__Instructions to follow__:
Write out the data word for word and omit every picture.

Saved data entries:

★ ★ ★

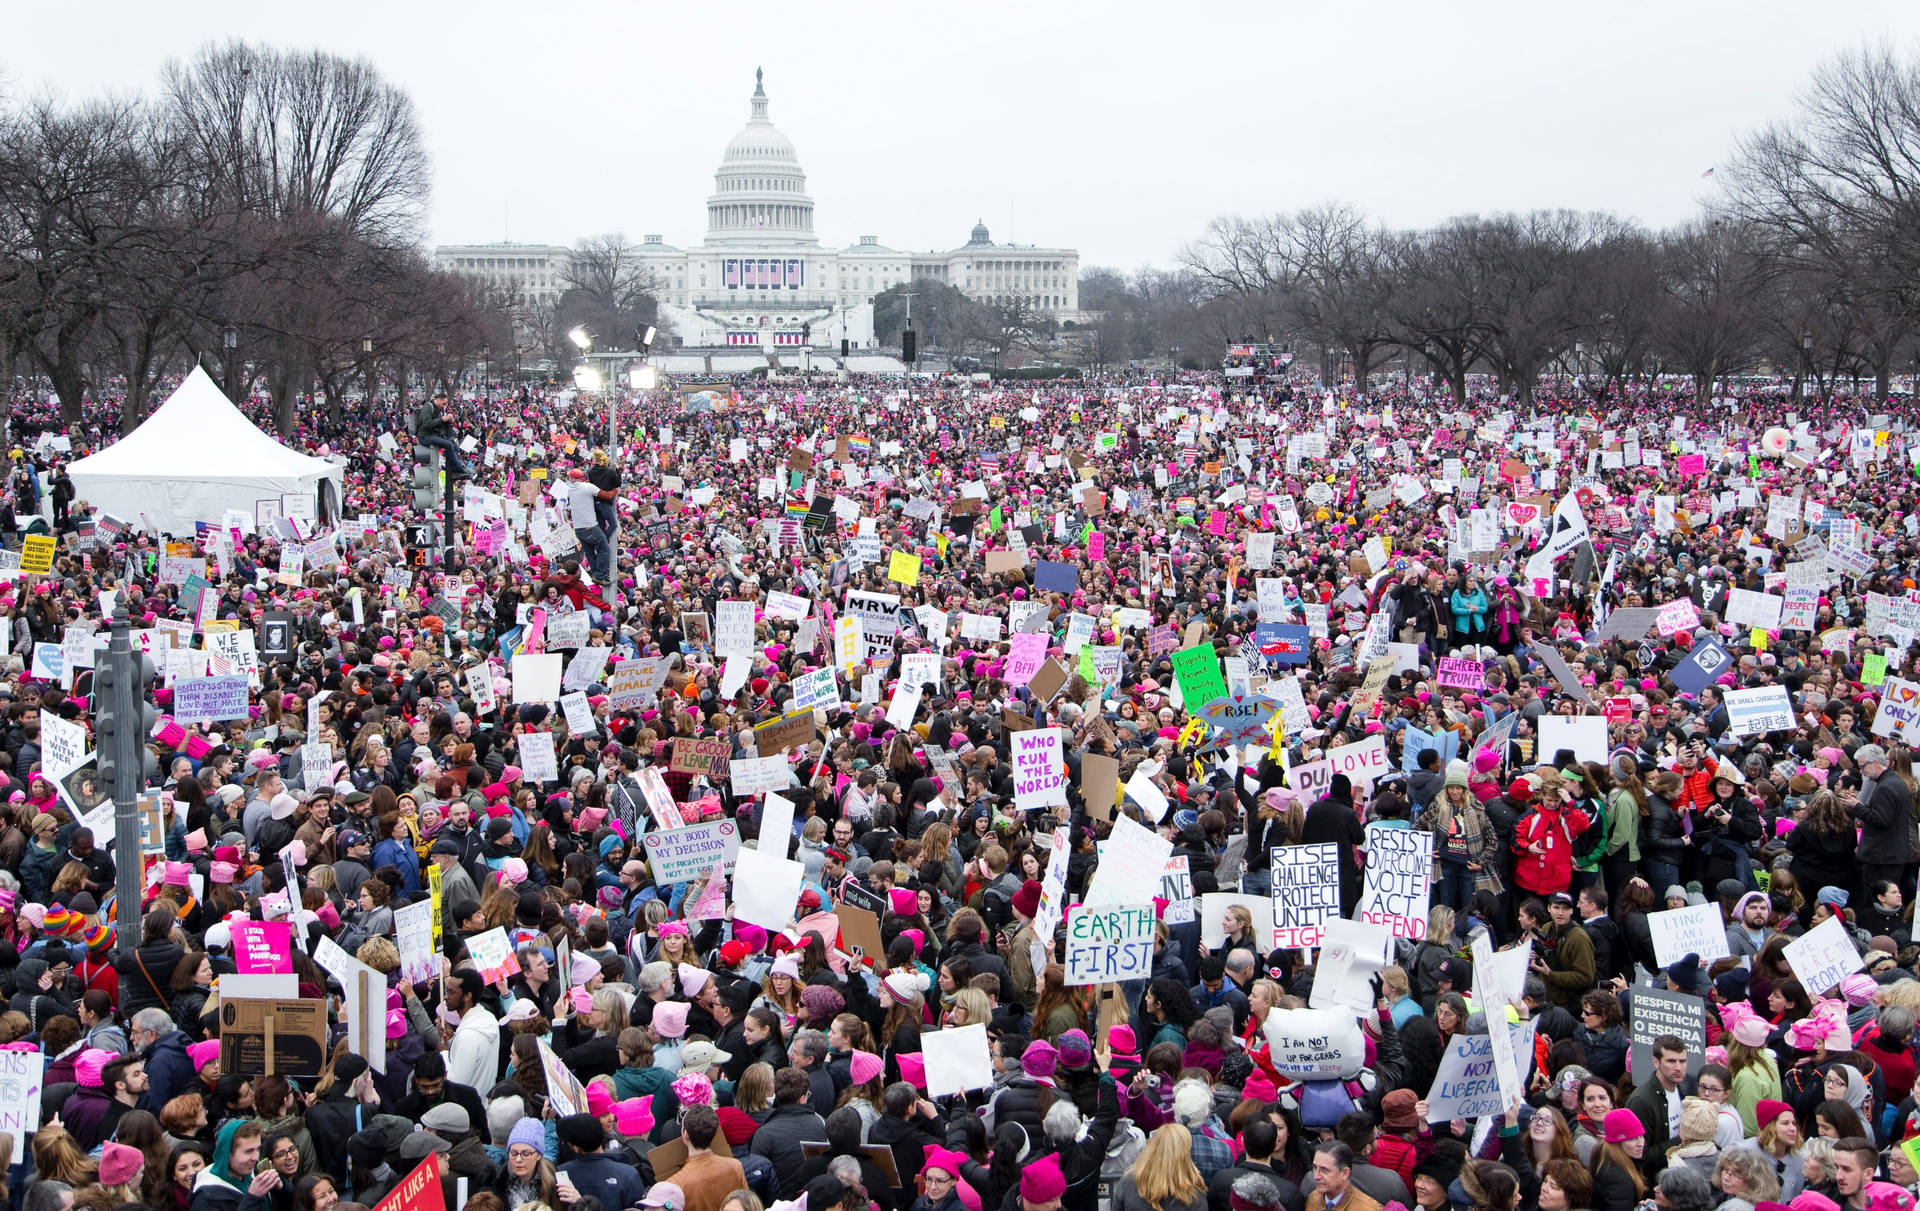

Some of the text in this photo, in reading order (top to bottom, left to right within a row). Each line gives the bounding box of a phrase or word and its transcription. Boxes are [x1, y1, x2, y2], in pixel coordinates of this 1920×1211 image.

[1788, 587, 1817, 599] TOLERANCE
[719, 603, 752, 611] HISTORY
[849, 598, 900, 614] MRW
[1784, 602, 1815, 610] RESPECT
[718, 624, 749, 634] EYES
[1787, 616, 1806, 626] ALL
[217, 633, 238, 646] WE
[718, 639, 751, 649] ON YOU
[615, 666, 655, 678] FUTURE
[795, 671, 831, 688] LESS MORE
[613, 678, 652, 693] FEMALE
[795, 682, 835, 697] BIRTH WELFARE
[203, 690, 246, 700] DISABILITY
[565, 698, 584, 708] RESIST
[796, 694, 816, 707] CONTROL
[1755, 694, 1787, 703] OVERCOME
[1884, 704, 1917, 722] ONLY
[1733, 714, 1790, 733] 一起更強
[50, 740, 77, 759] WITH
[678, 740, 732, 758] BE GROOVY
[1019, 735, 1055, 750] WHO
[54, 750, 71, 766] HER
[683, 753, 711, 768] LEAVE
[709, 758, 730, 774] MAN
[1017, 752, 1048, 766] RUN
[1331, 748, 1382, 774] LOVE
[1023, 764, 1052, 778] THE
[1016, 773, 1064, 794] WORLD?
[664, 829, 712, 845] MY BODY
[1370, 828, 1431, 852] RESIST
[656, 839, 725, 859] MY DECISION
[1271, 843, 1338, 865] RISE
[663, 861, 675, 870] MY
[676, 857, 702, 868] RIGHTS
[1365, 849, 1431, 876] OVERCOME
[665, 869, 681, 879] NOT
[686, 868, 695, 876] UP
[1271, 864, 1337, 887] CHALLENGE
[1366, 871, 1428, 897] VOTE!
[846, 889, 872, 909] mid-wife
[1272, 884, 1338, 908] PROTECT
[1369, 894, 1416, 915] ACT
[1175, 910, 1188, 921] US
[1072, 909, 1155, 940] EARTH
[1273, 926, 1326, 948] FIGH
[1797, 938, 1814, 957] WE
[1801, 936, 1853, 975] ARE THE
[1068, 942, 1154, 976] FIRST
[1806, 960, 1852, 993] PEOPLE
[1634, 994, 1701, 1015] RESPETA MI
[1634, 1008, 1701, 1028] EXISTENCIA
[1523, 1028, 1532, 1044] IS
[1634, 1020, 1701, 1042] O ESPERA
[1282, 1037, 1290, 1048] I
[1309, 1036, 1328, 1048] NOT
[1314, 1050, 1341, 1060] GRABS
[1463, 1061, 1494, 1076] NOT
[1442, 1079, 1499, 1099] LIBERAL
[1458, 1100, 1503, 1116] CONSPI
[404, 1164, 434, 1203] LIKE A
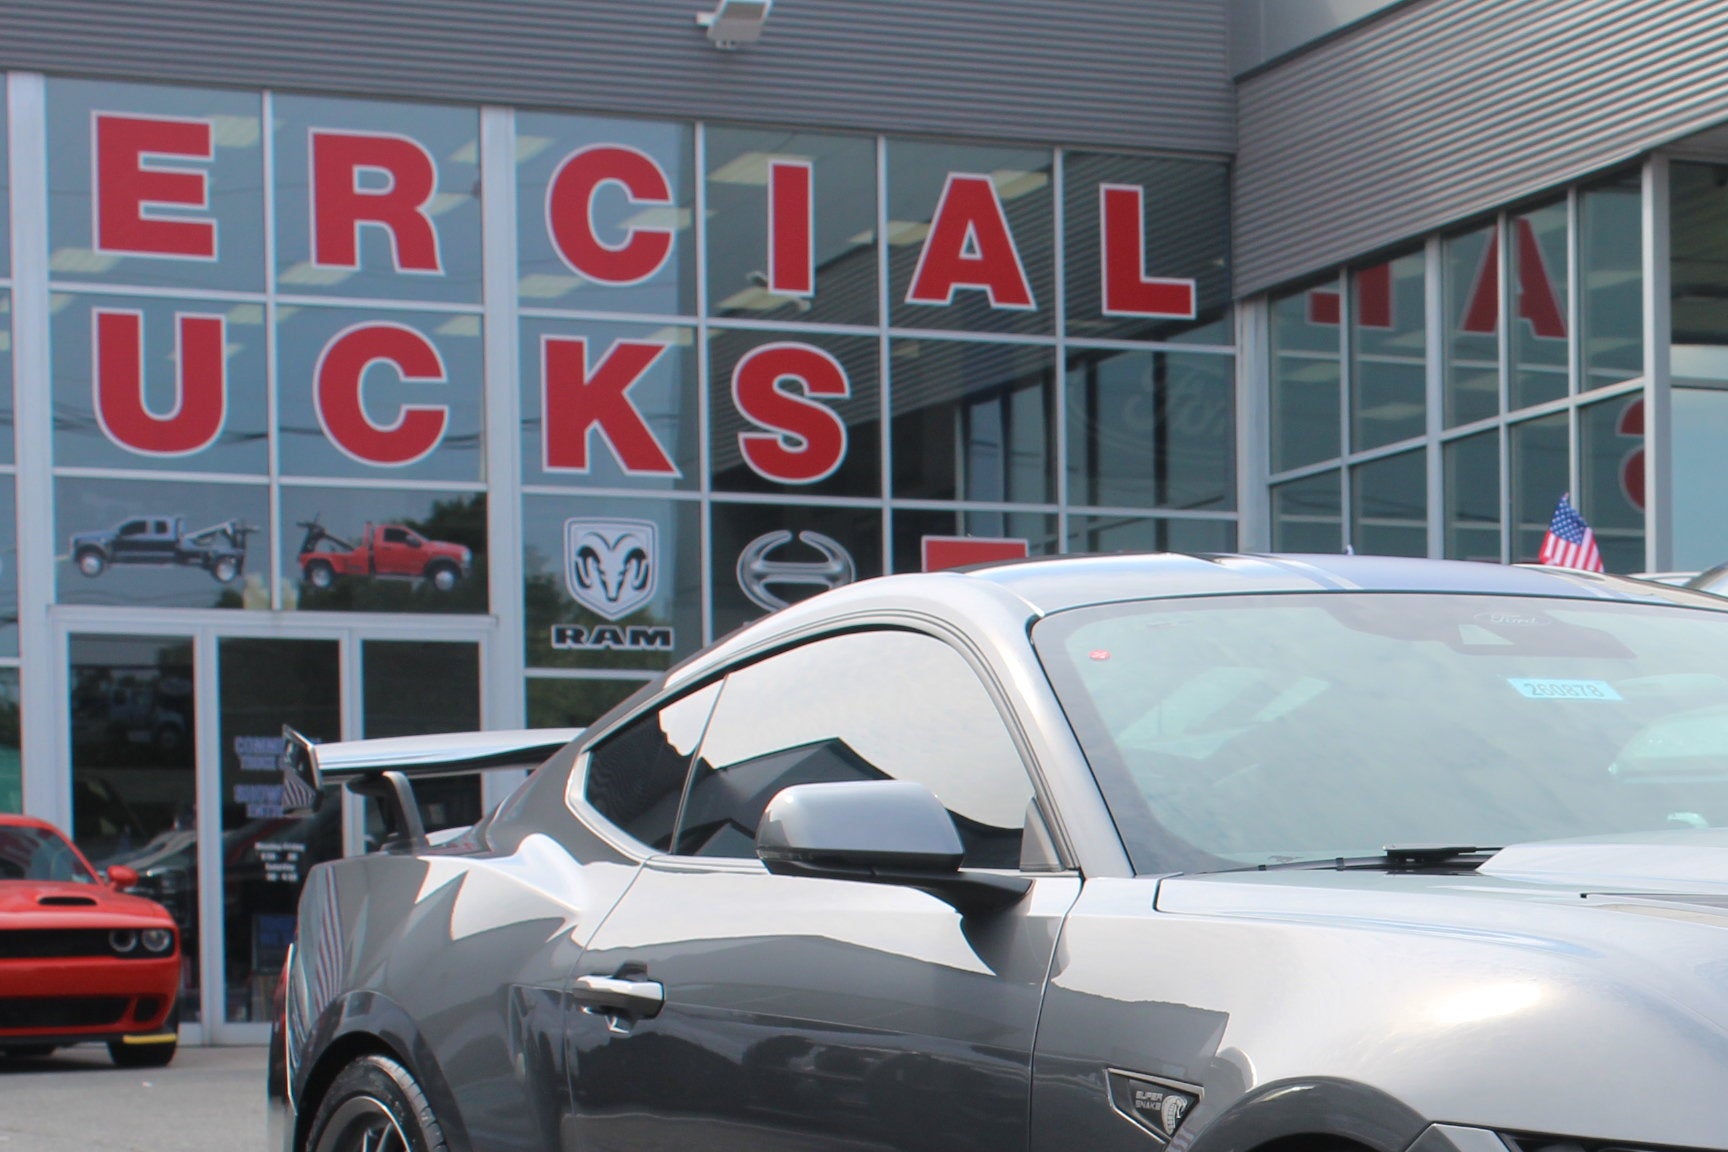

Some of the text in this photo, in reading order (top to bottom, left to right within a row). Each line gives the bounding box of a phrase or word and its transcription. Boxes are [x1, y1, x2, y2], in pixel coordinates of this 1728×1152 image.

[551, 625, 674, 650] RAM
[1523, 682, 1605, 698] 260878
[1135, 1090, 1163, 1101] SUPER
[1135, 1100, 1162, 1111] SNAKE

★ ★ ★

__Task solution__:
Some of the text in this photo, in reading order (top to bottom, left to right within a row). Each line gives the bounding box of a phrase or word and its transcription. Boxes are [x1, y1, x2, y2], in pixel coordinates of this 1920×1211 image.

[1788, 587, 1817, 599] TOLERANCE
[719, 603, 752, 611] HISTORY
[849, 598, 900, 614] MRW
[1784, 602, 1815, 610] RESPECT
[718, 624, 749, 634] EYES
[1787, 616, 1806, 626] ALL
[217, 633, 238, 646] WE
[718, 639, 751, 649] ON YOU
[615, 666, 655, 678] FUTURE
[795, 671, 831, 688] LESS MORE
[613, 678, 652, 693] FEMALE
[795, 682, 835, 697] BIRTH WELFARE
[203, 690, 246, 700] DISABILITY
[565, 698, 584, 708] RESIST
[796, 694, 816, 707] CONTROL
[1755, 694, 1787, 703] OVERCOME
[1884, 704, 1917, 722] ONLY
[1733, 714, 1790, 733] 一起更強
[50, 740, 77, 759] WITH
[678, 740, 732, 758] BE GROOVY
[1019, 735, 1055, 750] WHO
[54, 750, 71, 766] HER
[683, 753, 711, 768] LEAVE
[709, 758, 730, 774] MAN
[1017, 752, 1048, 766] RUN
[1331, 748, 1382, 774] LOVE
[1023, 764, 1052, 778] THE
[1016, 773, 1064, 794] WORLD?
[664, 829, 712, 845] MY BODY
[1370, 828, 1431, 852] RESIST
[656, 839, 725, 859] MY DECISION
[1271, 843, 1338, 865] RISE
[663, 861, 675, 870] MY
[676, 857, 702, 868] RIGHTS
[1365, 849, 1431, 876] OVERCOME
[665, 869, 681, 879] NOT
[686, 868, 695, 876] UP
[1271, 864, 1337, 887] CHALLENGE
[1366, 871, 1428, 897] VOTE!
[846, 889, 872, 909] mid-wife
[1272, 884, 1338, 908] PROTECT
[1369, 894, 1416, 915] ACT
[1175, 910, 1188, 921] US
[1072, 909, 1155, 940] EARTH
[1273, 926, 1326, 948] FIGH
[1797, 938, 1814, 957] WE
[1801, 936, 1853, 975] ARE THE
[1068, 942, 1154, 976] FIRST
[1806, 960, 1852, 993] PEOPLE
[1634, 994, 1701, 1015] RESPETA MI
[1634, 1008, 1701, 1028] EXISTENCIA
[1523, 1028, 1532, 1044] IS
[1634, 1020, 1701, 1042] O ESPERA
[1282, 1037, 1290, 1048] I
[1309, 1036, 1328, 1048] NOT
[1314, 1050, 1341, 1060] GRABS
[1463, 1061, 1494, 1076] NOT
[1442, 1079, 1499, 1099] LIBERAL
[1458, 1100, 1503, 1116] CONSPI
[404, 1164, 434, 1203] LIKE A

Some of the text in this photo, in reading order (top to bottom, left to right within a row). Each line gives the bounding box of a phrase or word and its transcription. Boxes are [x1, y1, x2, y2], in pixel coordinates of this 1728×1152 image.

[551, 625, 674, 650] RAM
[1523, 682, 1605, 698] 260878
[1135, 1090, 1163, 1101] SUPER
[1135, 1100, 1162, 1111] SNAKE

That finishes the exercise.